Clojure has taken the lisp baton from CLisp and Scheme, if you want macros.
But even without them, the underlying semantics for concurrency look
promising.

If you need to run websites on the JVM, use JRuby on Rails.

------
jashmenn
imo it depends largely on your co-workers / environment. For instance, where I
work (bigco) there is no way a large number of OO-java programmers are going
to switch to a functional language like clojure. However, there is a chance
that OO-java programmers will switch to scala because the mental models can be
similar enough when you're first getting started. That is, you technically can
program java-like scala because you have objects, strong-types, assignable
variables, etc. So while scala has powerful language features available, the
barrier-to-entry is lower (for a "regular" OO-java guy).

With clojure, on the other hand, if you haven't done "functional" programming
at a large scale you literally have to relearn "how" to program. You don't
have state, you can't assign variables, you only sort-of have objects, and
there are all these funny parenthesis all over the place.

So first ask yourself the question "who are you going to be programming with"
and "what do you want to learn".

I've written and deployed non-trivial production systems in both and I'm fond
of saying that scala drove me to clojure. I'm not trying to start a flame-war
or anything [1], so let's start with the good stuff:

* you get functional constructs & concise iterators

* ruby-like mixin functionality is awesome (implicits) - this allows you to architect using composition over inheritance which is a huge win over java imo.

But...

* the syntax of scala can get quite perlish at times (my favorite being the "crying-kissy-face-operator" :_* [2]).

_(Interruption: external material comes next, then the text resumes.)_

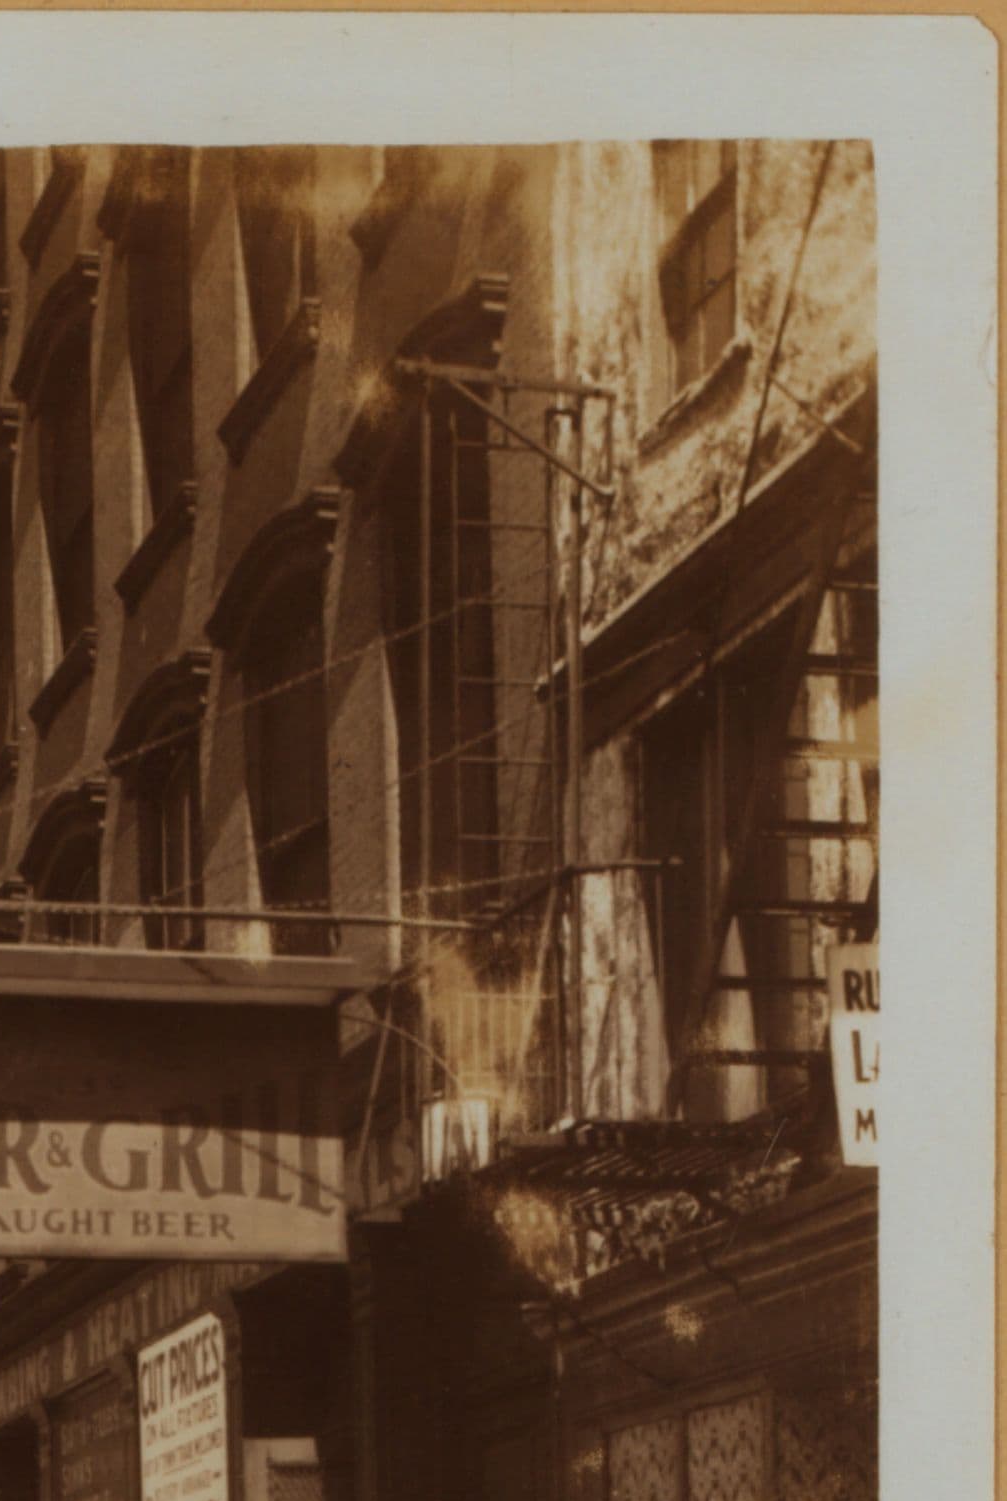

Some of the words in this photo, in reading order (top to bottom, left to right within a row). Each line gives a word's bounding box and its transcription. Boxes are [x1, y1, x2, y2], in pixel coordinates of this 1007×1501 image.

* the strong typing can be maddening. For instance, if you're trying to use two different JSON libraries (as in early days of Lift) you have to do all sorts of ugly type conversions. This leads to type boxing and...

* For "nothingness" tests you have: Null, null, Nil, Nothing, None, and Unit. Fun. [3]

* inline-xml (who asked for this?)

It was when slogging through a Lift-based recommendation system that I
discovered clojure and I have to say, I love clojure. You can program in a
lisp but still use the gobs of java libraries available. The syntax is
straightforward, the performance is good/acceptable, and because it's on the
jvm you can use it in Hadoop etc.

So while it _does_ take longer for an OOP-minded person to think in more
functional terms, I think you'll find that learning a lisp will make you a
better OO programmer.

* [1] I have _tons_ of smart friends who love scala. I like scala better than java, but if I had my pick, I'd pick clojure over scala. YMMV

* [2] [http://www.mail-archive.com/liftweb@googlegroups.com/msg0822...](http://www.mail-archive.com/liftweb@googlegroups.com/msg08222.html)

* [3] <http://blog.sanaulla.info/2009/07/12/nothingness/>

------
papaf
I've learnt and used both. Even after programming in Clojure for a year, I'm
more productive in Scala because of its familiarity and because there is less
of an "impedance mismatch" between Scala and available Java libraries.

However, I would recommend Clojure as the language to learn. The community is
very beginner friendly, the language takes me to interesting places and some
of the libraries are so elegant they are an absolute pleasure to use.

I believe learning Clojure is a good investment - as it matures more parts of
the Java ecosystem will be covered by Clojure libraries, its a good practical
way to learn a Lisp (which is worthwhile in itself) and its a good practical
way to appreciate Emacs (which is worthwhile too).

------
badmash69
My experience with Clojure is that it forces me to think differently and I
like it. I come from java /c background and Clojure drags me kicking and
screaming out of my comfort zone. The purity is what I appreciate about
Clojure. I am nowhere close to being productive in Clojure ( my start-up
codebase is Java and javascript+node ) but one day I will get there.

------
tdfx
If you're coming from Java and using a Java IDE you'll probably feel most
natural moving to Scala. I personally came to exploring Scala and Clojure with
limited Java experience (and a preference for Vim and the command line) so
getting started with Clojure via Leiningen was more natural for me. SBT never
clicked for me.

------
zoowar
Consider <http://twitter.github.com/scala_school/>